Domains of 25 top-ranked web sites for country-code top-level domain .ch with their respective publisher according to PageRank.
| Rank | Domain | Publisher | Type |
| 1 | www.uzh.ch | University of Zurich | PIa |
| 2 | www.usz.ch | Universitätsspital Zürich | PI |
| 3 | www.srf.ch | Schweizerische Radio- und Fernsehgesellschaft (Swiss Broadcasting Corporation) | PI |
| 4 | www.netdoktor.ch | netdoktor GmbH | POb |
| 5 | www.pancreas-help.ch | Schweizer Selbsthilfeorganisation Pankreaserkrankungen | NPOc |
| 6 | www.mutterglueck.ch | Individual Person | PO |
| 7 | www.association-osteo-swiss.ch | Schweizerischer Verband der Osteopathen | NPO |
| 8 | www.unibas.ch | University of Basel | PI |
| 9 | www.ethz.ch | ETH Zurich (Swiss Federal Institute of Technology in Zurich) | PI |
| 10 | www.rheumaliga.ch | Rheumaliga Schweiz | NPO |
| 11 | www.lungenliga.ch | Lungenliga Schweiz | NPO |
| 12 | www.rotpunkt-apotheken.ch | Rotpunkt-Pharma AG | PO |
| 13 | www.pharmawiki.ch | PharmaWiki GmbH | PO |
| 14 | www.bayer.ch | Bayer AG | PO |
| 15 | www.patientensicherheit.ch | Stiftung Patientensicherheit Schweiz | NPO |
| 16 | saez.ch | EMH Schweizerischer Ärzteverlag AG | NPO |
| 17 | www.swissheart.ch | Schweizerische Herzstiftung | NPO |
| 18 | gesundheitsfoerderung.ch | Gesundheitsförderung Schweiz | NPO |
| 19 | sensomotorische-lebensweisen.ch | Individual Person | PO |
| 20 | www.spitaluster.ch | Spital User | PO |
| 21 | symptome.ch | NOXA GmbH | PO |
| 22 | www.meineimpfungen.ch | Stiftung meineimpfungen | NPO |
| 23 | unicef.ch | United Nations International Children's Emergency Fund | NPO |
| 24 | www.bauchtumor.ch | Universitätsspital Bern | PI |
| 25 | www.fettabsaugungen.ch | FSnD Ltd | PO |
aPI: public institution.
bPO: private organization.
cNPO: nonprofit organization.
Figure 8A small extract of the host-aggregated web graph with focus on the website www.rki.de.

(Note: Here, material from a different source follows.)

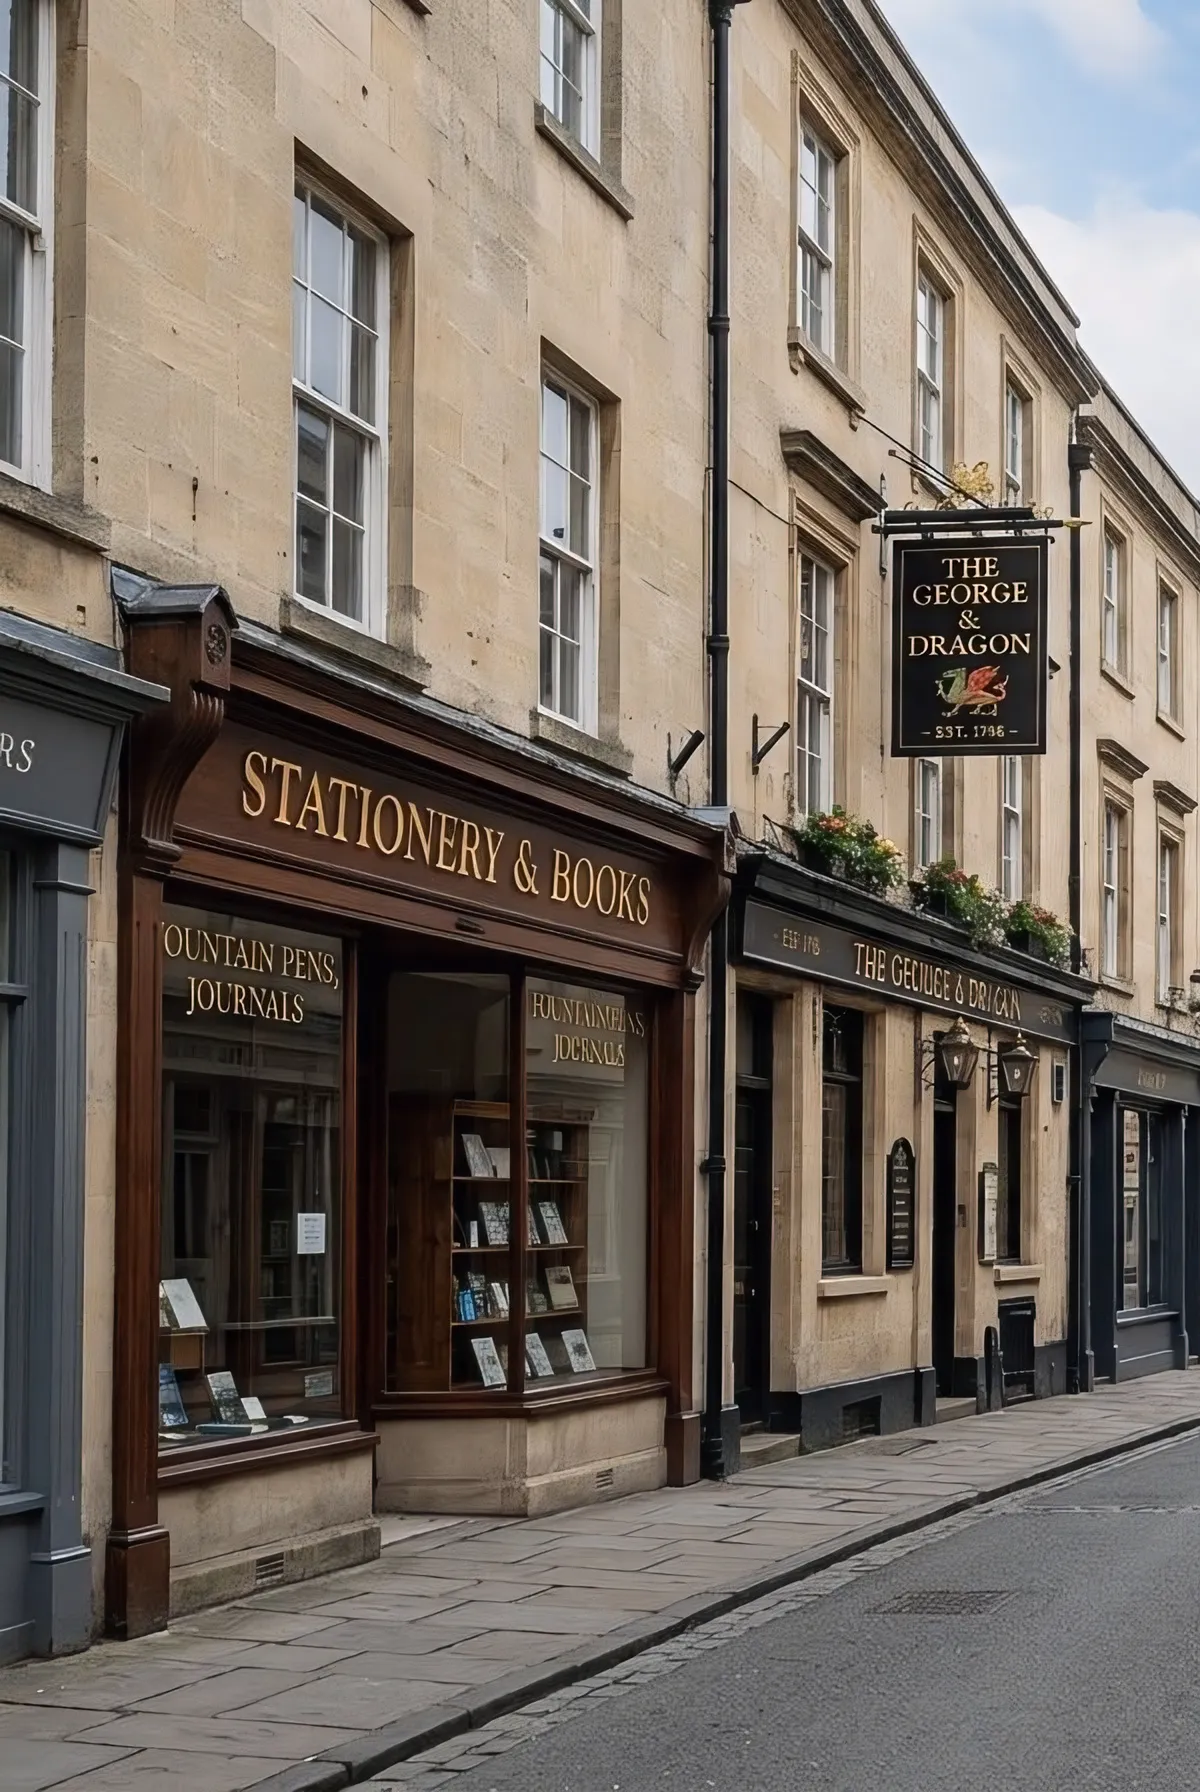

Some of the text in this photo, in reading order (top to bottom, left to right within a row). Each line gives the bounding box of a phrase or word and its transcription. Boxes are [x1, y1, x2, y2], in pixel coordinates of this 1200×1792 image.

The surrounding nodes represent websites with a maximum link-distance of two starting from www.rki.de. An edge between two nodes implies that there exists at least one hyperlink between some web pages of the hosting websites in either way. Only those websites are included whose content is highly health-related (ie, which were automatically classified as belonging to H with a probability equal to or greater than 0.93). Moreover, they have at least one ingoing and one outgoing link. The bigger a node and its caption, the higher is its page rank. For illustration reasons, directional arrows were not included.